Jared Peatman '02 earned a master's degree from Virginia Tech in 2006 and a Ph.D. in history at Texas A & M in 2010.  He was selected as the 2009 Organization of American Historians/Abraham Lincoln Bicentennial Commission Doctoral Fellow for his dissertation on the legacy of the Gettysburg Address.  He has written articles on the role of Daniel Sickles in shaping President Lincoln's early perceptions of the Battle of Gettysburg, and most recently a chapter in Virginia at War, 1863, titled "'Lincoln acted the clown': Virginia's Newspapers and the Gettysburg Address."  Jared now works as a consultant for a number of government and private institutions that host leadership development events at historic sites. 


Paul C. Reber '82 is the Executive Director of Stratford Hall and also serves on the adjunct faculty at American University in Washington as a Historian-in-Residence. Prior to assuming his responsibilities at Stratford, Paul was an Adjunct Professor of History at the University of North Carolina - Greensboro, President of Old Salem Inc. in Winston Salem, NC, and Executive Director of Decatur House, a National Trust Historic Site in Washington DC. During his tenure at the Trust, Paul also served as the Associate Campaign Director for Historic Sites. He also served as Director of Development at Mount Vernon and as Director of the White House Endowment Fund. Paul has a BA from Gettysburg College, an MA from George Mason University and a Ph.D. from the University of Maryland, College Park.



Evan Rothera

Evan Rothera  '10 is a second year graduate student in the History M.A./Ph.D. program at The Pennsylvania State University.  Even is a political historian of the Nineteenth Century United States and is also interested in comparative and transnational history; his current project focuses on links between the United States and Argentina.  During the 2010-2011 academic year, Evan was the McCourtney Family Distinguished Graduate Fellow in American History.  Evan received a B.A. in History and Spanish and a minor in Civil War Era Studies (summa cum laude, Phi Beta Kappa) from Gettysburg College in 2010 where he served as the editor of The Gettysburg Historical Journal.  Evan also founded and served as the first editor of The Gettysburg College Journal of the Civil War Era.  His current publications include "Forgotten Fire-Eater: William Barksdale in History and Memory," which will be appearing shortly in The Journal of Mississippi History.

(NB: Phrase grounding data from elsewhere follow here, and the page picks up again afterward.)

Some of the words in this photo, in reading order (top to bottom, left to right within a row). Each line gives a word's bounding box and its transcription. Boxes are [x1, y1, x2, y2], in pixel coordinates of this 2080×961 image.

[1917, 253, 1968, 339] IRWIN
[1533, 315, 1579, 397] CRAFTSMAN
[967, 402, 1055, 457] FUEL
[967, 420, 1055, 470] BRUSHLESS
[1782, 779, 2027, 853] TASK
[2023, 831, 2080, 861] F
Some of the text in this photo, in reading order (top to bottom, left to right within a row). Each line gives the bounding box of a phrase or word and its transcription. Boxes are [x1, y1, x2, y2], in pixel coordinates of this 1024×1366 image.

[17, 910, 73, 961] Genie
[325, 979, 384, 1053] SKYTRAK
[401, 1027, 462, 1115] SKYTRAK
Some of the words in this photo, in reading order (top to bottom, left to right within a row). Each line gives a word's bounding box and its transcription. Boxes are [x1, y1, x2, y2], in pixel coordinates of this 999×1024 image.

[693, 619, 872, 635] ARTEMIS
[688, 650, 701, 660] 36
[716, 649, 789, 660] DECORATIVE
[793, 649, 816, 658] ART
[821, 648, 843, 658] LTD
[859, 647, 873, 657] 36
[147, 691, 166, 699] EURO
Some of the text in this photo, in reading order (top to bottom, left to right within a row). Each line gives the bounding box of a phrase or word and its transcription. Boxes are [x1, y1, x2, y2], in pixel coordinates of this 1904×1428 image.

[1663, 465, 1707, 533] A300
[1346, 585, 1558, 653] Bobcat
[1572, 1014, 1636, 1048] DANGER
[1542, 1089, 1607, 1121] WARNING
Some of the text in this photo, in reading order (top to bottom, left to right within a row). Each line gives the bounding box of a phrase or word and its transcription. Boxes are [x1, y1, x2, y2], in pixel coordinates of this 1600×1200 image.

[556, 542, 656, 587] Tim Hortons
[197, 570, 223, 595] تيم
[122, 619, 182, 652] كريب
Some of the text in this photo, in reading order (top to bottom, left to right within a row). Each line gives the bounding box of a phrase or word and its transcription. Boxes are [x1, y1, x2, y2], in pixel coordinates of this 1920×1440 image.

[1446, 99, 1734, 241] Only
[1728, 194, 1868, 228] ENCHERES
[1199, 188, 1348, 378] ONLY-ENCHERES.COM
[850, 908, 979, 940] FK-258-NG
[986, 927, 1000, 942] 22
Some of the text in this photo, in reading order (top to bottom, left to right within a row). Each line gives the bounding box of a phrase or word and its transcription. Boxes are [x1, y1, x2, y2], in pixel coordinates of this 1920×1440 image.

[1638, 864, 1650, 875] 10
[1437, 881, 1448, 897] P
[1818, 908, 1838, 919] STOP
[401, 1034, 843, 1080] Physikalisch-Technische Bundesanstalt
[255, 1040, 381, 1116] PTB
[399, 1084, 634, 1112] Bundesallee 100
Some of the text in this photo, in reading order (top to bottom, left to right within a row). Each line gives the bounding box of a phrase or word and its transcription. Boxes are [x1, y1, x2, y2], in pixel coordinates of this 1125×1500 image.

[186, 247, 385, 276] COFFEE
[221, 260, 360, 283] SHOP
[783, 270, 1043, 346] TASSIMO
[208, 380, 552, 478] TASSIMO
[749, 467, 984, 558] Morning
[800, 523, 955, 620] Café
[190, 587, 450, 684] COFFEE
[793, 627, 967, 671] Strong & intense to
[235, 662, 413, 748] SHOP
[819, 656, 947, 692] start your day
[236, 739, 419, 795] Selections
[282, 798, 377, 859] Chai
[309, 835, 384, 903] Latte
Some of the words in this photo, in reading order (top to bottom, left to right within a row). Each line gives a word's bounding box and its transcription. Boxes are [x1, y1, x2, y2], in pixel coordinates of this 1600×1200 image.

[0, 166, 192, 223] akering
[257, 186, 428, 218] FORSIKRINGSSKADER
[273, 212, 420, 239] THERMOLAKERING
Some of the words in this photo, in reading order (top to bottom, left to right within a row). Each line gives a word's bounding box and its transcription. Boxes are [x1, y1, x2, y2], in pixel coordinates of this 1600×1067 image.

John Rudy '07 currently works with the National Park Service's Interpretive Development Program in Harpers Ferry, WV.  Since 2006 John has worked as an interpretive ranger in the Living History Branch at Harpers Ferry, as well as serving as a curatorial assistant in Museum Services at Gettysburg National Military Park.  An adjunct professor at Gettysburg College, John focuses his research on abolition, and the impacts of the civil war on everyday Americans.  Holding a Master of Arts in Applied History from Shippensburg University, John's thesis was entitled "Preachers of Sedition": Syracuse and Freedom, 1851-1861 which investigated the reaction and impact of the fugitive slave law in Syracuse New York.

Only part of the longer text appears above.